Глава II. Новое время
Итак, связи балакиревского кружка с Даргомыжским, с Серовым, а несколько позднее и с Чайковским, обнаруживали странную двойственность: творческое взаимодействие, идейные интересы влекли к сближению, субъективные тенденции, личные взаимоотношения — к обособленности, порою враждебной. Эта двойственность, как можно понять из сказанного выше, сложилась не по случайной прихоти «неуживчивых натур». Разобщенность сил русской музыкальной интеллигенции, неразвитость в ней общественного начала, трудности борьбы в сложных условиях контрнаступления реакции — все это дробило передовое движение, порождало противоречия и реальные и мнимые. Причем мнимые оказывались не легче реальных. Они раздувались внутренней рознью, которую хотели обосновать различием непримиримых принципиальных взглядов. Но ее побудительные причины коренились, как видно, в самом складе русской музыкальной действительности — в стихийности бороздившего ее движения, в непоследовательности и несогласованности действий, в субъективной нетерпимости, так часто обнажавшей несовершенство человеческих отношений.
* * *
В борьбе балакиревского содружества, с самого ее начала, проявились инициативные силы движения. Общественно-активная деятельность стимулировала творческий рост группы молодых музыкантов. Вместе с тем все явственнее вырисовывались черты индивидуального различия членов кружка. У каждого складывалось свое отношение к действительности, свое понимание задач искусства. И каждому предстояло по-своему преодолевать возникавшие трудности.
Важнейший, в известном смысле решающий, период их художнического формирования совпал с тем тревожным временем (вторая половина шестидесятых годов), когда в широких слоях российской интеллигенции повеяло стужей разочарования в революционных возможностях освободительного движения. Драматический поворот политических событий, повлекший резкое усиление реакции, остро повлиял на умонастроения даже в кругах прогрессивной интеллигенции — «надежды не сбылись». Наступала трудная пора испытаний. Борьба передовых сил против реакции не прекратилась, но ряды борцов поредели; формы и методы борьбы менялись, отражая углублявшиеся противоречия общественного развития. «Как мне жить разумно?» — вот вопрос, к которому тогда, по меткому выражению А. Луначарского, повернулись многие умы российской интеллигенции.
Не возникал ли этот вопрос и перед соратниками балакиревского содружества? Во всяком случае, они различно реагировали на события и перемены общественной жизни, различно представляли себе свою дальнейшую деятельность. Общность идейно-творческих устремлений, объединившая молодых музыкантов, еще сохранялась, но общность отношений к действительности утрачивалась. Внутри кружка все заметнее начали сказываться «центробежные» тяготения, да и при возраставшей самостоятельности членов содружества, казалось, устоявшаяся форма их кружкового бытия — под назидательной ферулой Балакирева — становилась стеснительной.
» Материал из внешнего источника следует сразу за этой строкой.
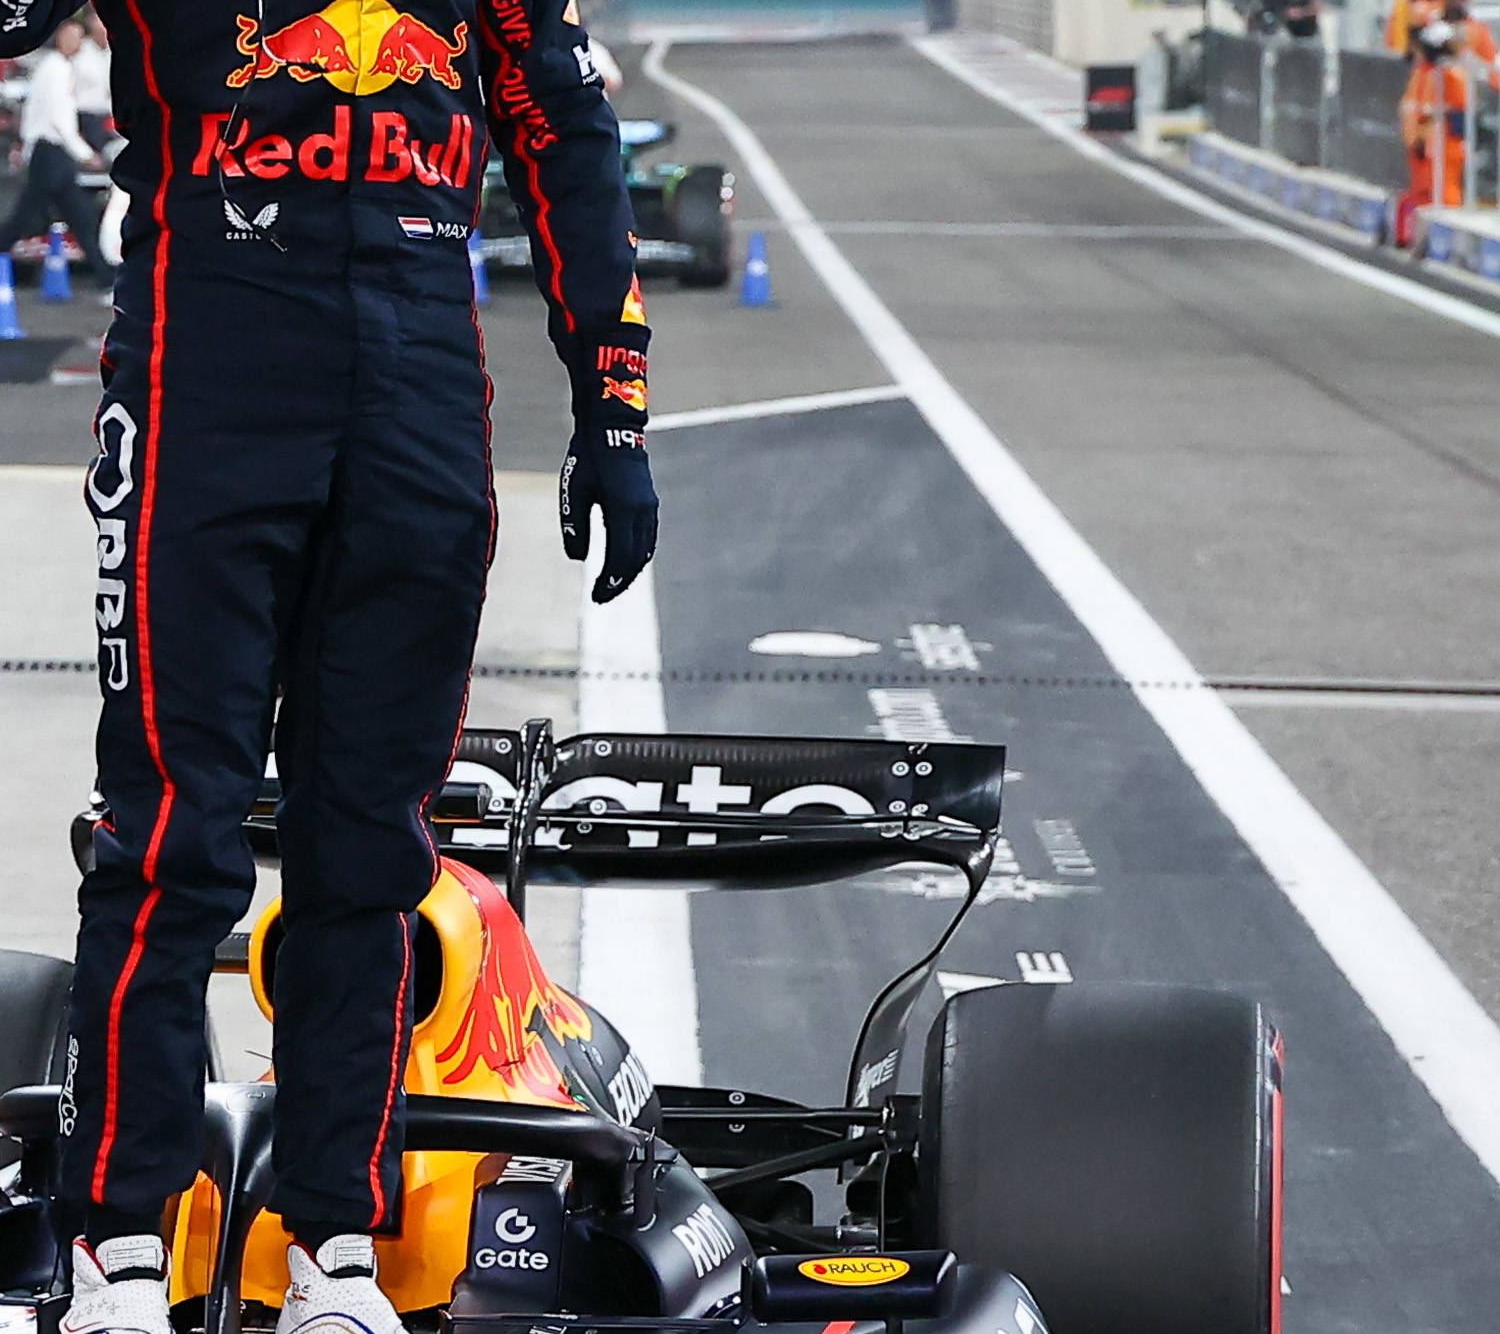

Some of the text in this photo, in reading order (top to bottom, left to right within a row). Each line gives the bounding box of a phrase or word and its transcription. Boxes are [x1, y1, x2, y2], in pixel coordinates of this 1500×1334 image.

К 1868 году относится характерная запись Римского-Корсакова: «Пробуждавшаяся во мне мало-помалу самостоятельность (мне шел уже 25-й год) к этому времени стала проявлять свои права гражданства, и острый отеческий деспотизм Балакирева начинал становиться тяжел. Трудно определить, в чем заключались эти первые признаки охлаждения, но вскоре полная откровенность моя перед Милием Алексеевичем стала уменьшаться, затем стала уменьшаться и потребность частых свиданий. Приятно было собраться и провести вечер с ним, но, может быть, еще приятнее провести его без Балакирева. Мне кажется, что не я один это чувствовал, а чувствовали и прочие члены кружка, но никогда друг с другом мы об этом не говорили и не критиковали заочно старшего товарища. Я говорю старшего по положению и значению...». В устах Римского-Корсакова, балакиревского любимца, это признание весьма знаменательно.